Психические нарушения

Возникают при неадекватном назначении седативных нейролептиков больным с депрессивными нарушениями. Например, аминазина — больным с астенодепрессивным синдромом, флюанксола — возбуждённым больным и т. д. Длительное применение некоторых препаратов может вести к смене формы наркотизма. Так, не рекомендуется длительно использовать транквилизаторы в лечении больных наркоманиями и токсикоманиями, трамадол — длительно назначать при купировании опийного абстинентного синдрома и т. д.

Часто при купировании абстинентного синдрома приходится сталкиваться с развитием фармакогенного делирия. Делириозные состояния обычно развиваются на применение азалептина (иногда даже в дозе 100 мг), амитриптиллина, циклодола, других препаратов, обладающих выраженной холинолитической активностью. В целом течение делирия в таких случаях доброкачественное, требует дезинтоксикационной терапии. Делирий в большинстве случаев абортивно проходит после сна. С целью седации и достижения засыпания больного чаще вводят диазепам, тизерцин, аминазин, оксибутират натрия, тиопентал натрия. Рекомендован галоперидол, клопиксол. Дозы и препараты подбирают индивидуально в зависимости от состояния больного.

«Серотониновый синдром»

Представляет собой опасное осложнение терапии серотонинергическими антидепрессантами, в частности флуоксетином, пароксетином, сертралином, циталопрамом, флувоксамином.

Основные проявления «серотонинового синдрома» — тошнота, рвота, диарея, анорексия, тремор, сексуальные расстройства, психомоторное возбуждение; в тяжёлых случаях развиваются профузное потоотделение, гипертермия, выраженные нарушения гемодинамики; в далеко зашедших стадиях состояние может приобретать большое сходство с ЗНС.

Лечение предполагает отмену антидепрессанта и применение антисеротонинергических средств — ципрогептадина и пропранолола.
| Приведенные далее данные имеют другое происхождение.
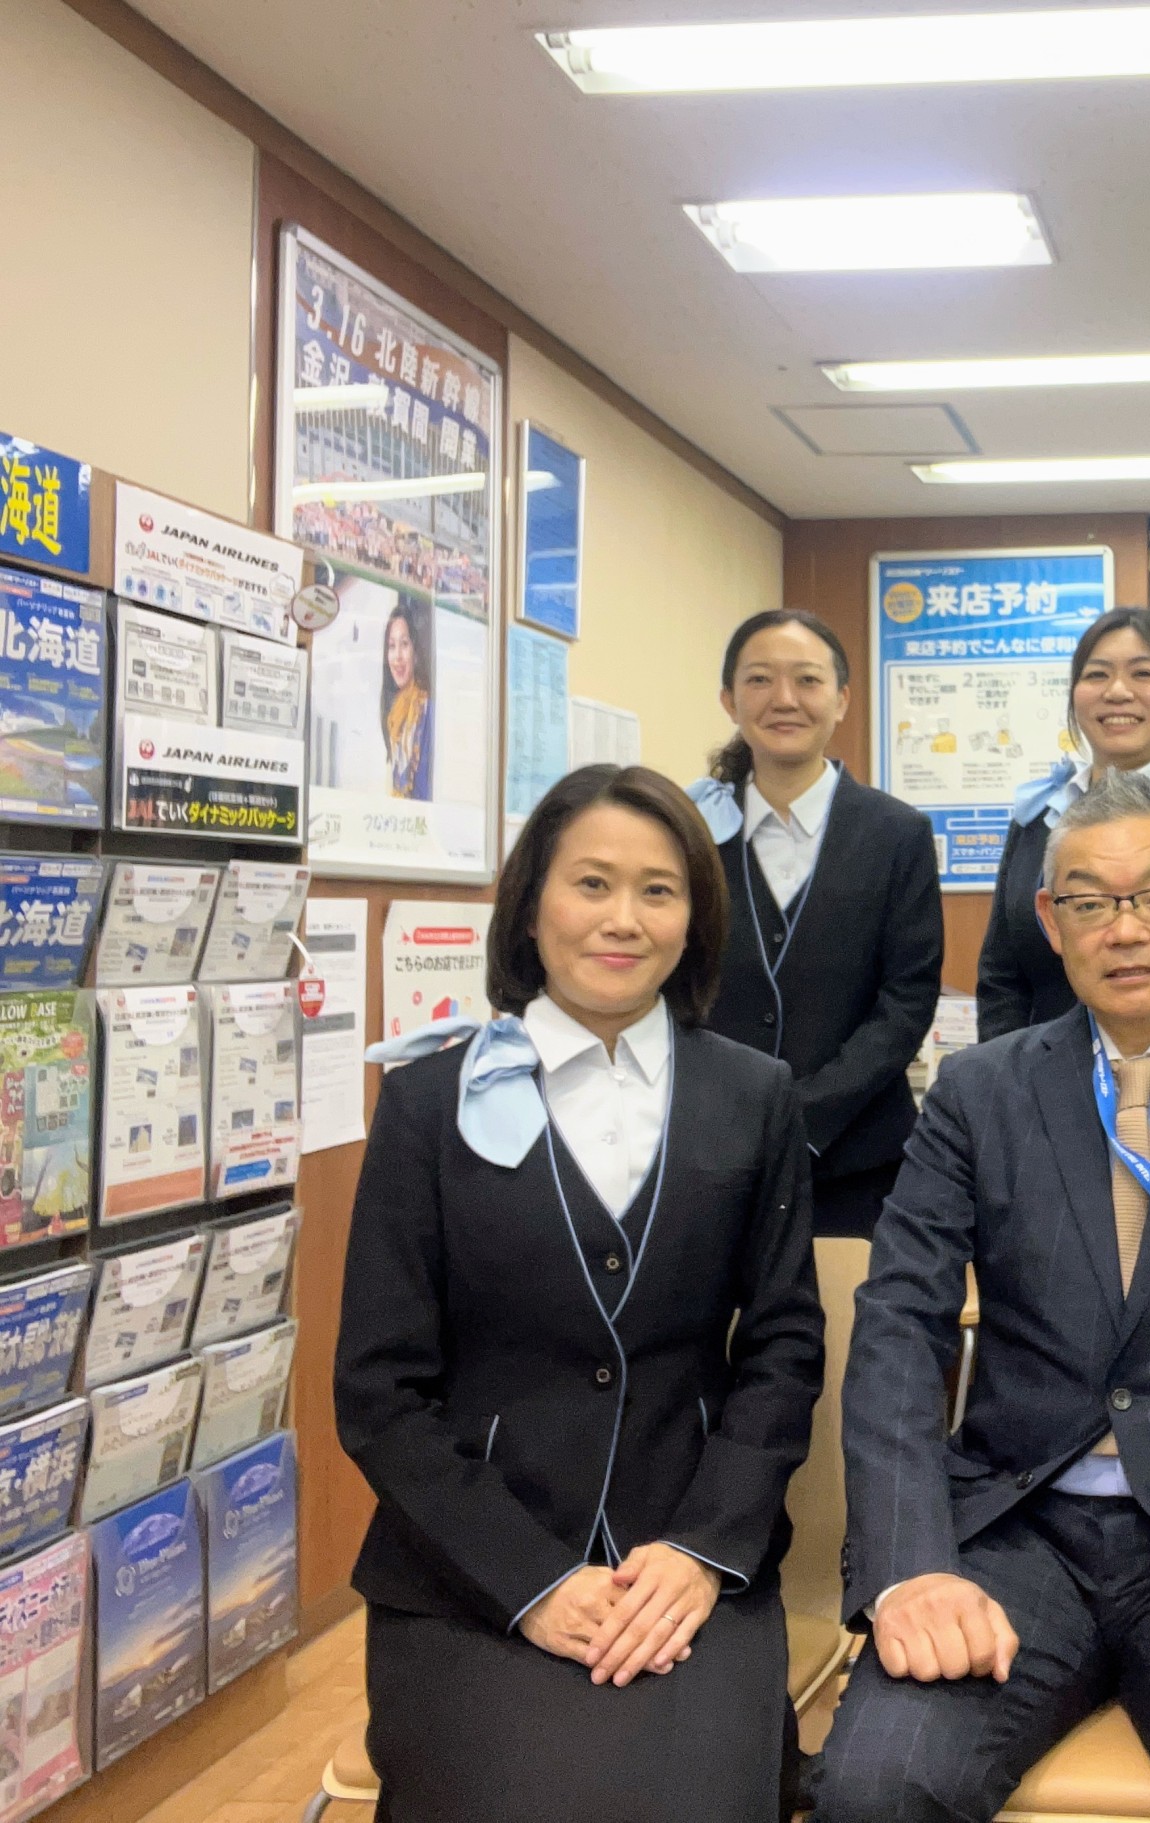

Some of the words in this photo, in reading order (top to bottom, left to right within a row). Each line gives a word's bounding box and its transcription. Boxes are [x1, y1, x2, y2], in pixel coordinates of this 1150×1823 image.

[161, 525, 210, 549] JAPAN
[211, 543, 280, 573] AIRLINES
[926, 580, 1058, 618] 来店予約
[162, 746, 214, 765] JAPAN
[216, 755, 289, 773] AIRLINES
Проводится симптоматическая терапия; в тяжёлых случаях необходимо проведение реанимационных мероприятий.

Лекарственный гепатит

Большинство лекарственных средств, применяемых в наркологической практике, подвергаются биотрансформации в печени и, следовательно, создают для неё метаболическую нагрузку. В наибольшей степени это касается некоторых психотропных препаратов. Риск развития токсического гепатита увеличивается у инъекционных наркоманов связи с высокой распространённостью различных форм вирусного гепатита у этих больных.
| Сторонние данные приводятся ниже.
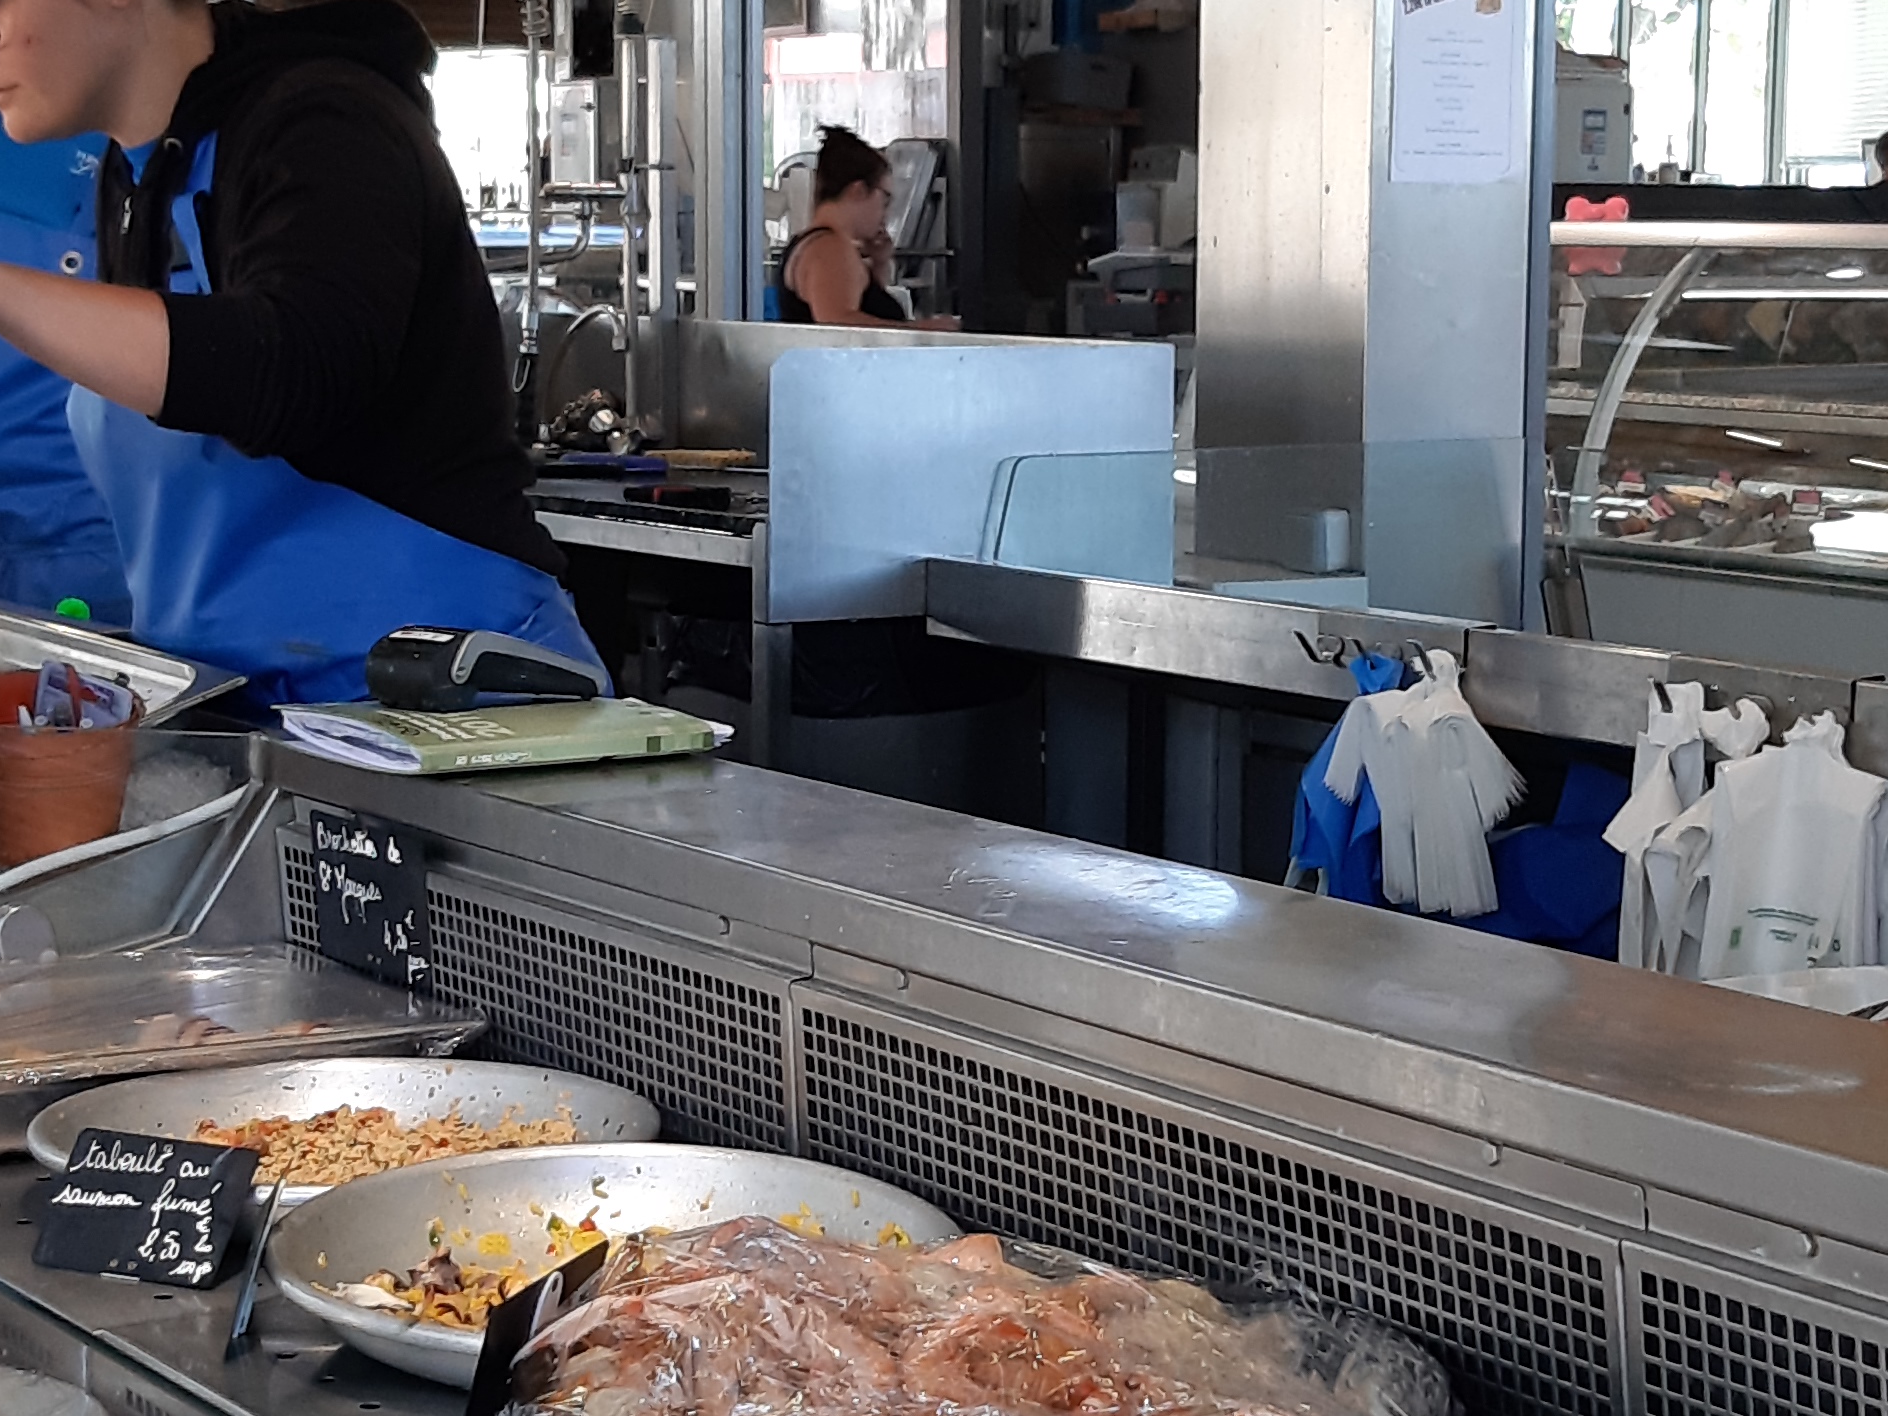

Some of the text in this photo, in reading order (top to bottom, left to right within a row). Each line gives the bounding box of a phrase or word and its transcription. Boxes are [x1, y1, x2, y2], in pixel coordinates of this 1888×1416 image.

[179, 1160, 212, 1178] au
[52, 1178, 223, 1227] saumon fumé
Гематологические осложнения

Длительный приём некоторых нейролептиков может вызывать лейкопению, анемию, что требует лабораторного контроля. Так при лечении клозапином (азалептин, лепонекс) рекомендуют повторять клинический анализ крови 1 раз в 2 недели.

Аллергические реакции

Диапазон аллергических реакций от лёгкой сыпи до анафилактического шока. Особой аллергогенностью обладают некоторые нейролептики, в частности аминазин. Для лечения аллергических осложнения назначают антигистаминные препараты (димедрол, диазолин, супрастин, пипольфен, тавегил), хлористый кальций, в тяжёлых случаях гормональные препараты, коррекция витальных функций.
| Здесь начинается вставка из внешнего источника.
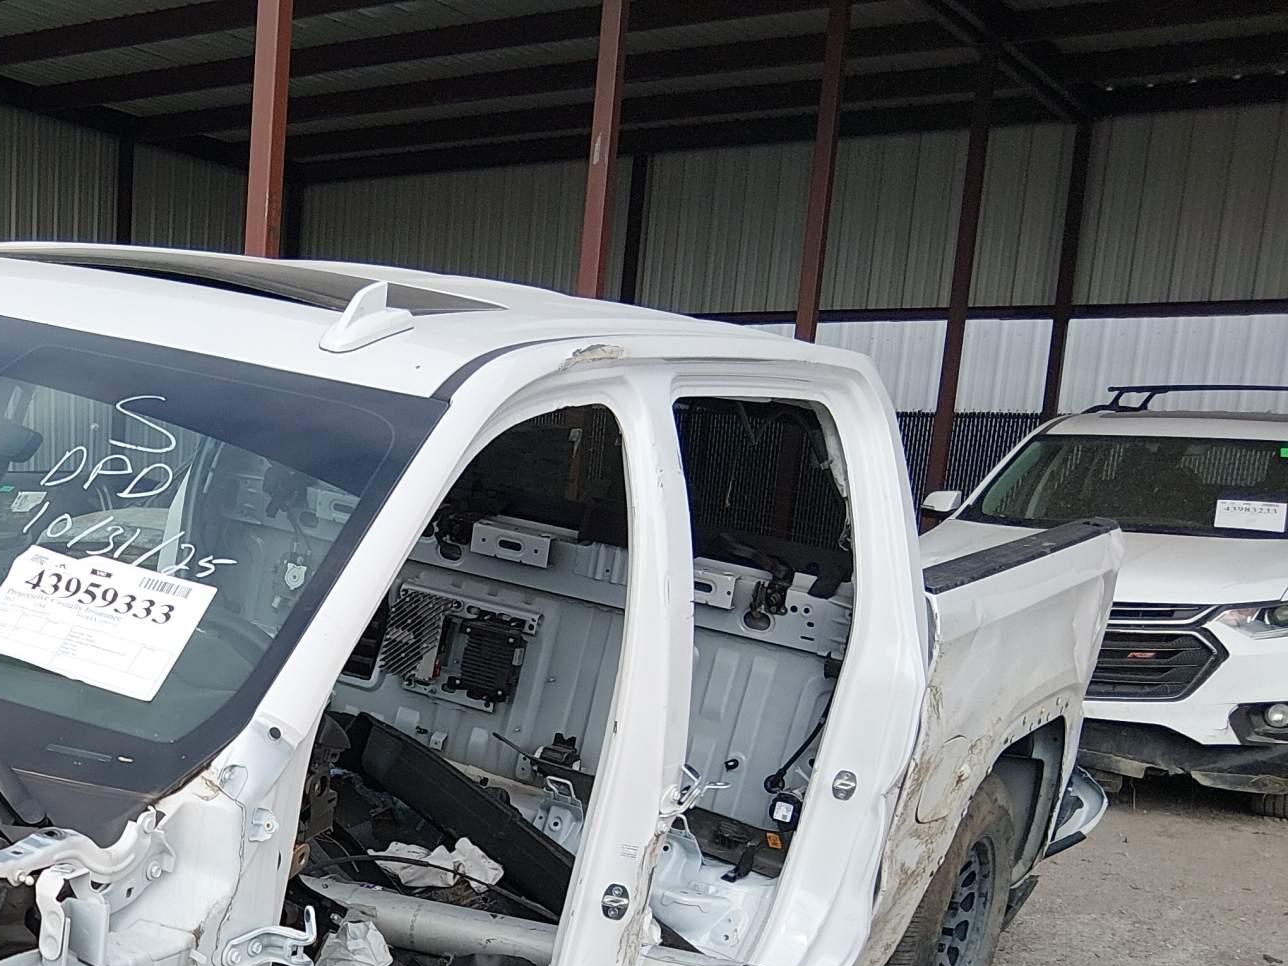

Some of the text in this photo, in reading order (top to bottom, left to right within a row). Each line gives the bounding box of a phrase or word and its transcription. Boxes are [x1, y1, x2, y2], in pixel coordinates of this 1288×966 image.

[109, 394, 177, 453] S
[39, 445, 174, 498] DPD
[22, 500, 239, 578] 10/31/25
[24, 569, 175, 625] 43959333
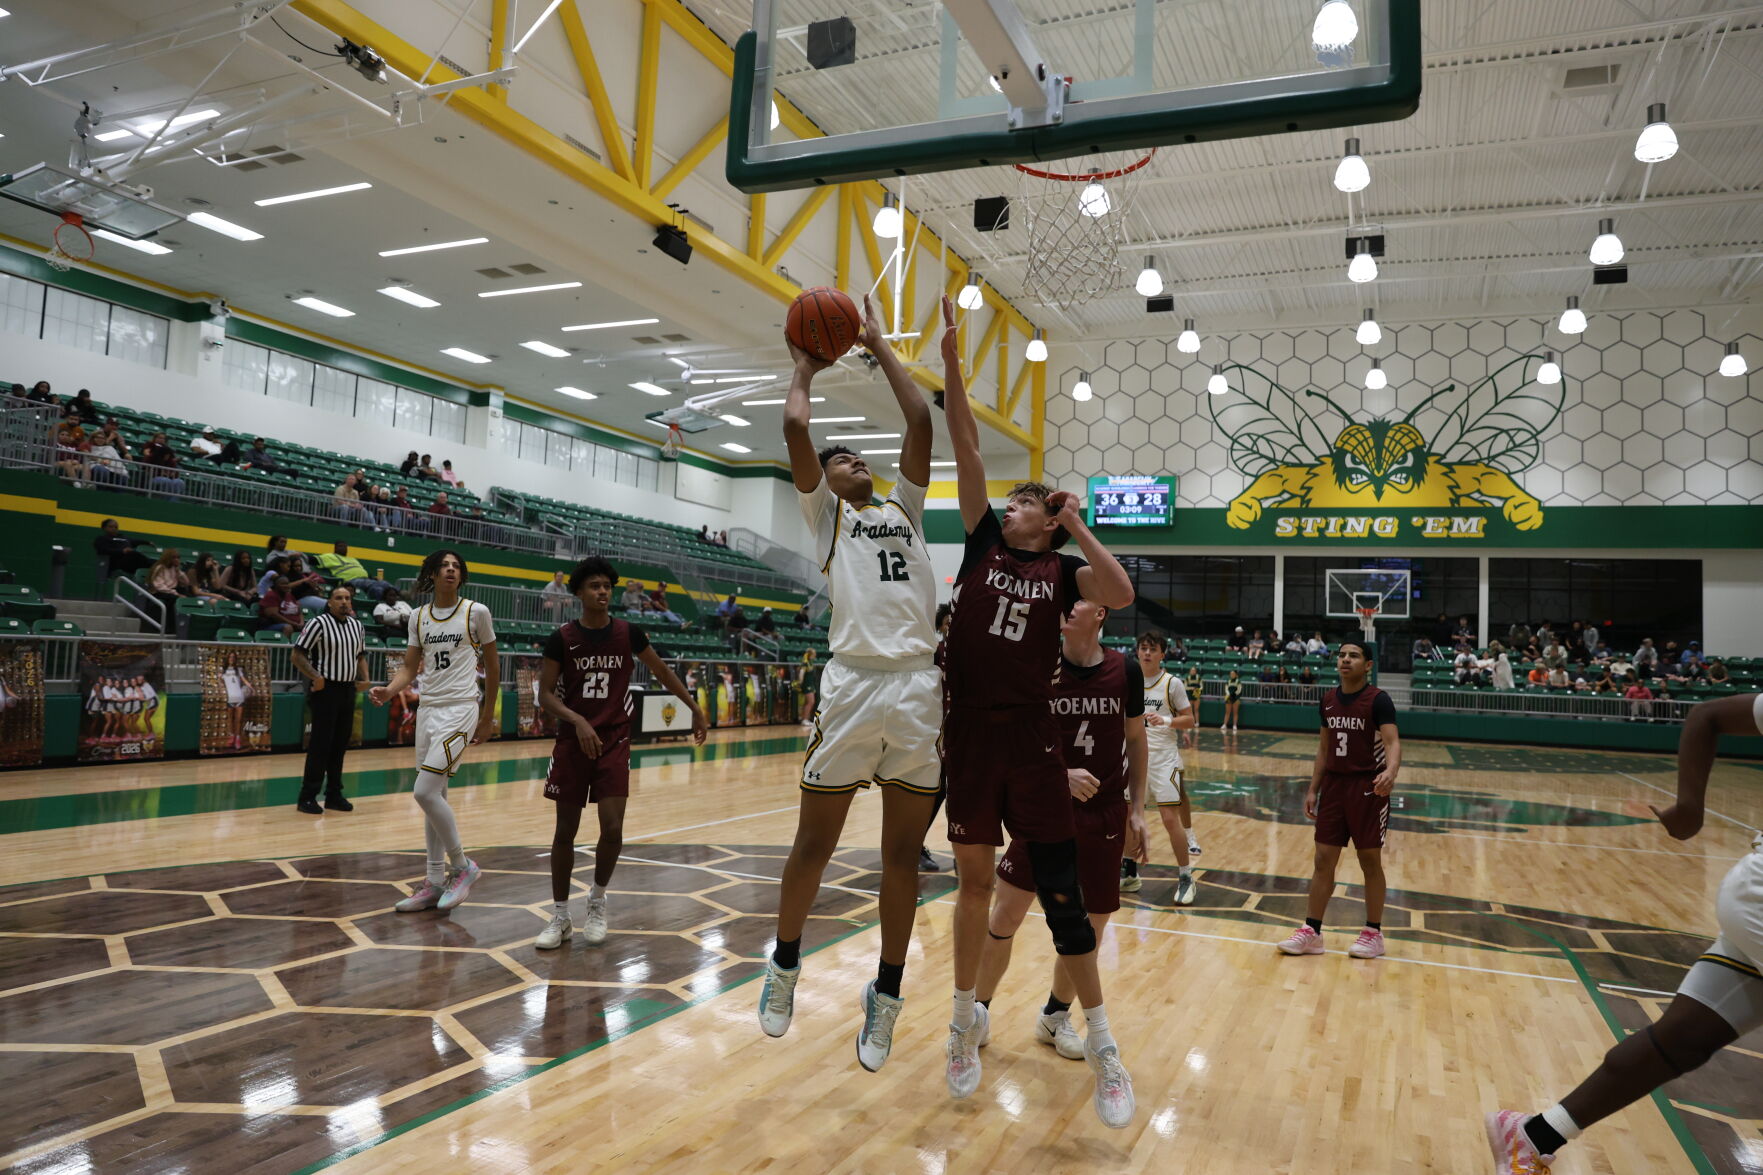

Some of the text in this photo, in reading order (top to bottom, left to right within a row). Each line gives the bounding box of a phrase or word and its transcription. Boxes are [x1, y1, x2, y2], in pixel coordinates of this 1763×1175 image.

[1101, 493, 1119, 506] 36
[1144, 493, 1162, 506] 28
[1120, 505, 1142, 513] 03:09
[850, 520, 912, 547] Academy
[1275, 516, 1488, 538] STING 'EM
[877, 549, 910, 581] 12
[988, 595, 1031, 641] 15
[424, 632, 463, 648] Academy
[434, 651, 451, 670] 15
[573, 655, 624, 671] YOEMEN
[582, 672, 609, 699] 23
[1049, 698, 1121, 715] YOEMEN
[1144, 697, 1163, 711] demy
[1073, 720, 1095, 755] 4
[1336, 732, 1348, 757] 3
[121, 743, 140, 754] 2026
Респираторный дистресс-синдром взрослых

Респираторный дистресс-синдром взрослых (РДСВ) развивается как следствие неблагоприятного развития прогрессирующей аспирационной пневмонии. Встречается сравнительно нечасто, но является самым опасным осложнением лечения наркомании. Аспирация рвотных или пищевых масс может возникать при недифференцированном применении или передозировке супрессоров ЦНС, в частности нейролептиков. Риск развития аспирационных состояний и РДСВ существенно возрастает при нарушении больными режима лечения и интрагоспитальном приёме наркотиков или седативных и снотворных средств, алкоголя и других супрессоров ЦНС.

Синдром проявляется дыхательной недостаточностью, некардиогенным отёком лёгких, нарушением внешнего дыхания и гипоксией. Первыми клиническими признаками РДСВ являются одышка, тахипноэ, поверхностный характер дыхания.

Респираторный дистресс-синдром взрослых в наркологической практике следует дифференцировать с некоторыми лёгочными инфекциями, в первую очередь с пневмоцистной пневмонией, развивающейся на фоне иммунодефицита, в том числе у ВИЧ-инфицированных больных инъекционными наркоманиями.

В лечении РДСВ используется ряд сложных реанимационных мероприятий, в большинстве случаев проводится эндотрахеальная интубация и ИВЛ. Обязателен мониторинг ОЦК, газового и электролитного состава крови.